[Phrase grounding data]
=== Section Start ===

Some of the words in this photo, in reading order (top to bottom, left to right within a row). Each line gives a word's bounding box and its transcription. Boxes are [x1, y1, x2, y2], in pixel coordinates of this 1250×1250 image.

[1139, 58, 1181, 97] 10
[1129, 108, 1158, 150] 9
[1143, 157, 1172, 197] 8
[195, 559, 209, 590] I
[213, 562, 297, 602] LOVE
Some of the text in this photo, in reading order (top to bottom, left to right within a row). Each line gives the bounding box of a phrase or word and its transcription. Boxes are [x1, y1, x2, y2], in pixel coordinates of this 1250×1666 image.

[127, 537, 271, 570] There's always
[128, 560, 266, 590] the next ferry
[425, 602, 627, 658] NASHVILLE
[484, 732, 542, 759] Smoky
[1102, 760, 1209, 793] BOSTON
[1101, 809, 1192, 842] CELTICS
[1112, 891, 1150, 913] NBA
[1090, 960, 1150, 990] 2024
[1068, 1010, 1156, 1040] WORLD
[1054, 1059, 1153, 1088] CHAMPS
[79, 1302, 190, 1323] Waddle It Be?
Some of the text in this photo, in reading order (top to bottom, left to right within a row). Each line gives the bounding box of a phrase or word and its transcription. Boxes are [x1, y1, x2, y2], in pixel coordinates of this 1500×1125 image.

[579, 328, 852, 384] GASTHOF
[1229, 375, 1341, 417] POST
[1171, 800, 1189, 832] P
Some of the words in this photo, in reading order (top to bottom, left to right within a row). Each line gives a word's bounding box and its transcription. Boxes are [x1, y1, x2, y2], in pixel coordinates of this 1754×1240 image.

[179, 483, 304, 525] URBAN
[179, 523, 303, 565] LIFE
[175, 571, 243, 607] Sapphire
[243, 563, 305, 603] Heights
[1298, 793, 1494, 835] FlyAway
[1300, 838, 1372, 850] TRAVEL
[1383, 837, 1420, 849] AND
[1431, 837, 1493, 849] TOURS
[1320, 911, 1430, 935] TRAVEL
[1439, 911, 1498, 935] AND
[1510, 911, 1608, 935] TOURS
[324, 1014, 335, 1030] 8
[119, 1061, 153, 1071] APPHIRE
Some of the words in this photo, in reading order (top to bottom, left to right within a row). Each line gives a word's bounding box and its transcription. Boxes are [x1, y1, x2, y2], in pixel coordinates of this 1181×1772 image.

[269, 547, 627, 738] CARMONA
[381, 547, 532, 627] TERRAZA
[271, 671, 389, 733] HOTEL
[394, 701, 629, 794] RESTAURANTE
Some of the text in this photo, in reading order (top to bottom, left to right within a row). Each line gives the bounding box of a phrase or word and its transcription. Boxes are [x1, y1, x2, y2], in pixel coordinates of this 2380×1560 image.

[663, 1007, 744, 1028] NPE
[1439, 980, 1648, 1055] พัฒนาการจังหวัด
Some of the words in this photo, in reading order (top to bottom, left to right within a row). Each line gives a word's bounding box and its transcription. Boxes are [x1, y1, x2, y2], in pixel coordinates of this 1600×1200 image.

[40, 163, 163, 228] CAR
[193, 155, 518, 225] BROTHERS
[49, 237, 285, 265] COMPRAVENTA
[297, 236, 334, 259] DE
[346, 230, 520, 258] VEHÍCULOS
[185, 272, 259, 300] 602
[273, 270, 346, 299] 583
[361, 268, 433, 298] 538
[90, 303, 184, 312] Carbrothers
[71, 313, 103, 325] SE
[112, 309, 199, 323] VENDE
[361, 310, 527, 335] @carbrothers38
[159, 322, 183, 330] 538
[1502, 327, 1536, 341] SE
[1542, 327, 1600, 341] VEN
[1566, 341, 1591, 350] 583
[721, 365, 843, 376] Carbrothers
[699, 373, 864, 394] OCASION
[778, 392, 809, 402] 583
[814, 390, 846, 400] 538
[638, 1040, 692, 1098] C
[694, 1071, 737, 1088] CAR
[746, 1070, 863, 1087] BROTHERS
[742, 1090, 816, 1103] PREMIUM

=== Section End ===

# WORK ORDER
Every entry is to be retyped word for word.

# ANSWER SECTION
Some of the words in this photo, in reading order (top to bottom, left to right within a row). Each line gives a word's bounding box and its transcription. Boxes are [x1, y1, x2, y2], in pixel coordinates of this 1250×1250 image.

[1139, 58, 1181, 97] 10
[1129, 108, 1158, 150] 9
[1143, 157, 1172, 197] 8
[195, 559, 209, 590] I
[213, 562, 297, 602] LOVE
Some of the text in this photo, in reading order (top to bottom, left to right within a row). Each line gives the bounding box of a phrase or word and its transcription. Boxes are [x1, y1, x2, y2], in pixel coordinates of this 1250×1666 image.

[127, 537, 271, 570] There's always
[128, 560, 266, 590] the next ferry
[425, 602, 627, 658] NASHVILLE
[484, 732, 542, 759] Smoky
[1102, 760, 1209, 793] BOSTON
[1101, 809, 1192, 842] CELTICS
[1112, 891, 1150, 913] NBA
[1090, 960, 1150, 990] 2024
[1068, 1010, 1156, 1040] WORLD
[1054, 1059, 1153, 1088] CHAMPS
[79, 1302, 190, 1323] Waddle It Be?
Some of the text in this photo, in reading order (top to bottom, left to right within a row). Each line gives the bounding box of a phrase or word and its transcription. Boxes are [x1, y1, x2, y2], in pixel coordinates of this 1500×1125 image.

[579, 328, 852, 384] GASTHOF
[1229, 375, 1341, 417] POST
[1171, 800, 1189, 832] P
Some of the words in this photo, in reading order (top to bottom, left to right within a row). Each line gives a word's bounding box and its transcription. Boxes are [x1, y1, x2, y2], in pixel coordinates of this 1754×1240 image.

[179, 483, 304, 525] URBAN
[179, 523, 303, 565] LIFE
[175, 571, 243, 607] Sapphire
[243, 563, 305, 603] Heights
[1298, 793, 1494, 835] FlyAway
[1300, 838, 1372, 850] TRAVEL
[1383, 837, 1420, 849] AND
[1431, 837, 1493, 849] TOURS
[1320, 911, 1430, 935] TRAVEL
[1439, 911, 1498, 935] AND
[1510, 911, 1608, 935] TOURS
[324, 1014, 335, 1030] 8
[119, 1061, 153, 1071] APPHIRE
Some of the words in this photo, in reading order (top to bottom, left to right within a row). Each line gives a word's bounding box and its transcription. Boxes are [x1, y1, x2, y2], in pixel coordinates of this 1181×1772 image.

[269, 547, 627, 738] CARMONA
[381, 547, 532, 627] TERRAZA
[271, 671, 389, 733] HOTEL
[394, 701, 629, 794] RESTAURANTE
Some of the text in this photo, in reading order (top to bottom, left to right within a row). Each line gives the bounding box of a phrase or word and its transcription. Boxes are [x1, y1, x2, y2], in pixel coordinates of this 2380×1560 image.

[663, 1007, 744, 1028] NPE
[1439, 980, 1648, 1055] พัฒนาการจังหวัด
Some of the words in this photo, in reading order (top to bottom, left to right within a row). Each line gives a word's bounding box and its transcription. Boxes are [x1, y1, x2, y2], in pixel coordinates of this 1600×1200 image.

[40, 163, 163, 228] CAR
[193, 155, 518, 225] BROTHERS
[49, 237, 285, 265] COMPRAVENTA
[297, 236, 334, 259] DE
[346, 230, 520, 258] VEHÍCULOS
[185, 272, 259, 300] 602
[273, 270, 346, 299] 583
[361, 268, 433, 298] 538
[90, 303, 184, 312] Carbrothers
[71, 313, 103, 325] SE
[112, 309, 199, 323] VENDE
[361, 310, 527, 335] @carbrothers38
[159, 322, 183, 330] 538
[1502, 327, 1536, 341] SE
[1542, 327, 1600, 341] VEN
[1566, 341, 1591, 350] 583
[721, 365, 843, 376] Carbrothers
[699, 373, 864, 394] OCASION
[778, 392, 809, 402] 583
[814, 390, 846, 400] 538
[638, 1040, 692, 1098] C
[694, 1071, 737, 1088] CAR
[746, 1070, 863, 1087] BROTHERS
[742, 1090, 816, 1103] PREMIUM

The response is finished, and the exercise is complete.